Sister Megan Rice, 84, cut through fences and several layers of security at the Y-12 National Security Complex in Tennessee along with two other members of Transform Now Plowshares -- a pacifist group -- in July 2012.
They spent two hours in the complex before being caught by security guards.
In that time, they hoisted banners, spray painted messages like "work for peace not war" and tossed human blood on a building used to store and process the highly-enriched uranium used to make nuclear bombs.
The incident prompted a congressional review of security at US nuclear facilities.
Rice, who has been held in jail since her conviction last year, urged the judge to impose the maximum sentence for her crimes at a four-hour sentencing hearing.
"Please have no leniency on me," the Tennessean newspaper quoted Rice as saying. "To remain in prison for the rest of my life would be the greatest honor you could give me."

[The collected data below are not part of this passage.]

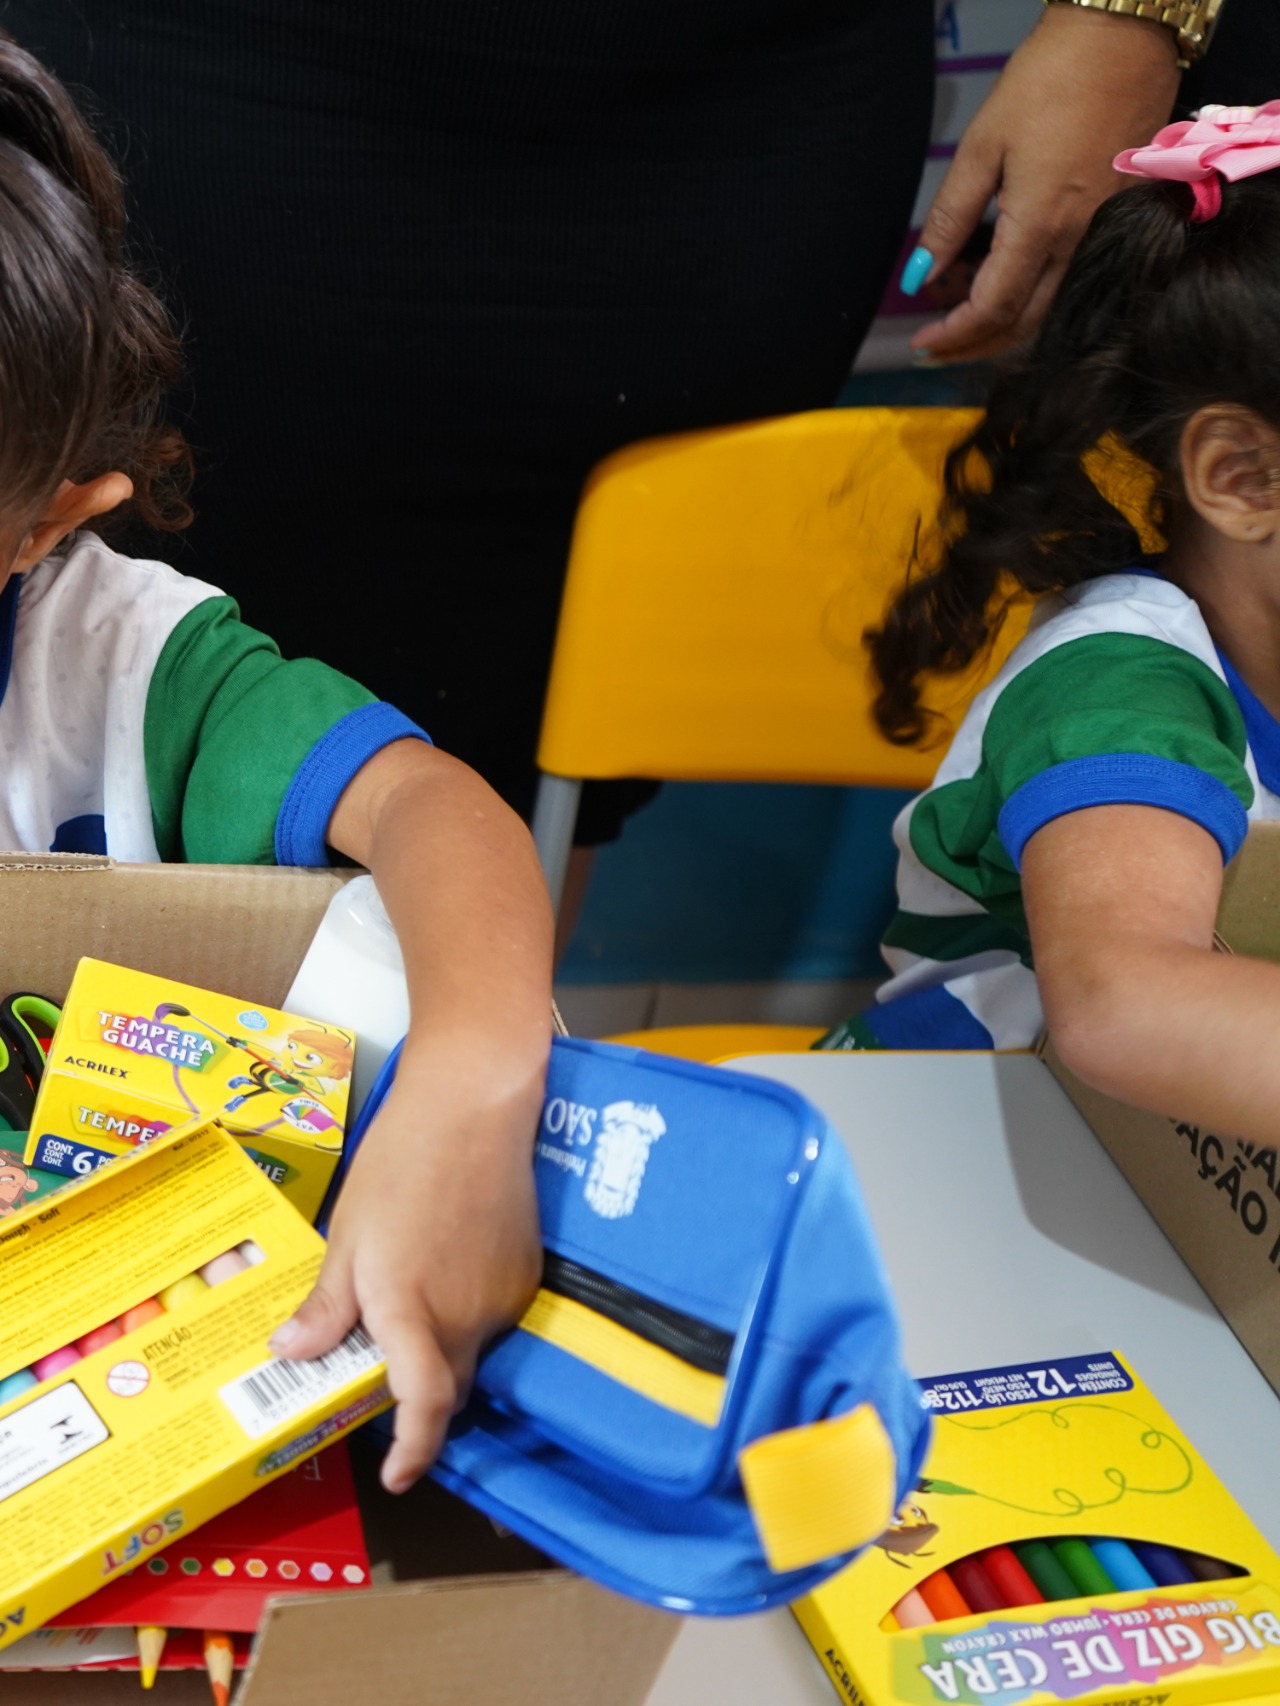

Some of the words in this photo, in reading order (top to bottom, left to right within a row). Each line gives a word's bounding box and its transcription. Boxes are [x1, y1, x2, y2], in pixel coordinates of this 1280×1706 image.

[97, 1010, 216, 1056] TEMPERA
[103, 1028, 204, 1067] GUACHE
[64, 1056, 129, 1080] ACRILEX
[78, 1106, 165, 1145] TEMPE
[545, 1097, 598, 1147] SÃO
[44, 1148, 64, 1160] CONT.
[46, 1138, 74, 1156] CONT.
[42, 1154, 62, 1168] CONT.
[72, 1150, 94, 1174] 6
[1175, 1122, 1268, 1236] AÇÃO
[37, 1206, 61, 1224] Soft
[142, 1326, 192, 1362] ATENÇÃO
[1006, 1372, 1024, 1382] NET
[1074, 1370, 1120, 1382] UNIDADES
[1087, 1362, 1114, 1372] UNITS
[973, 1375, 1006, 1387] WEIGHT
[981, 1384, 1005, 1394] NETO
[1006, 1380, 1030, 1391] PESO
[1026, 1368, 1077, 1397] 12
[1078, 1378, 1128, 1394] CONTÉM
[1006, 1387, 1037, 1401] PESO
[101, 1508, 184, 1576] SOFT
[1110, 1608, 1151, 1628] CERA
[1148, 1606, 1172, 1620] DE
[1176, 1600, 1238, 1616] CRAYON
[1010, 1624, 1048, 1644] WAX
[1051, 1616, 1104, 1638] JUMBO
[1206, 1611, 1280, 1654] BIG
[942, 1632, 1008, 1654] CRAYON
[1124, 1624, 1204, 1668] GIZ
[1053, 1634, 1125, 1679] DE
[825, 1648, 865, 1706] ACRIL
[920, 1648, 1048, 1700] CERA

Federal judge Amul Thapar said he struggled to find the right sentence to balance Rice's past good works with the need to deter others from breaking the law to pursue political goals.

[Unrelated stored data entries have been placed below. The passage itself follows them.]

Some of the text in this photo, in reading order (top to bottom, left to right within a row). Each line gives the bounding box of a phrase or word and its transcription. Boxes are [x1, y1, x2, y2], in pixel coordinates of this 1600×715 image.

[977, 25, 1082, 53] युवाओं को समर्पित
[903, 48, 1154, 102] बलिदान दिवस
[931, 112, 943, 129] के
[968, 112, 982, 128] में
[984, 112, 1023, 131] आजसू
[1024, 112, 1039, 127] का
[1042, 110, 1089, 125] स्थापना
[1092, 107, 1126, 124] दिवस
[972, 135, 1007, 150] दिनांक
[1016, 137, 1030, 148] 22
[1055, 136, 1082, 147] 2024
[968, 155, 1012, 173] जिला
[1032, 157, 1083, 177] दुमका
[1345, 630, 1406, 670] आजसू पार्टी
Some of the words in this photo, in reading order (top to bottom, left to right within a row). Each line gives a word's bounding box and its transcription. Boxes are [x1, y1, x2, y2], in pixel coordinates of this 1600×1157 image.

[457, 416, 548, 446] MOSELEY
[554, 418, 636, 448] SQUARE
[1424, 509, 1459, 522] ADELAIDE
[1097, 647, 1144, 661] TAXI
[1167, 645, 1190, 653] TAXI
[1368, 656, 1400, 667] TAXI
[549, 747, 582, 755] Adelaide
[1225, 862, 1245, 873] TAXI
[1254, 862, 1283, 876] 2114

Thapar didn't oblige but did say that breaking the law is not the right way to pursue political goals. He said he hoped a significant prison sentence would deter others from following the same path and bring them "back to the political system I fear that they have given up on."
He sentenced Rice to 35 months in prison, the newspaper reported.
Fellow anti-nuclear activists Michael Walli, 64, and Greg Boertje-Obed, 58, were sentenced to five years and two months in prison because of their past criminal histories.
The court's records were not immediately updated to reflect the sentences imposed and neither the prosecutors nor the Plowshares group could immediately be reached for comment.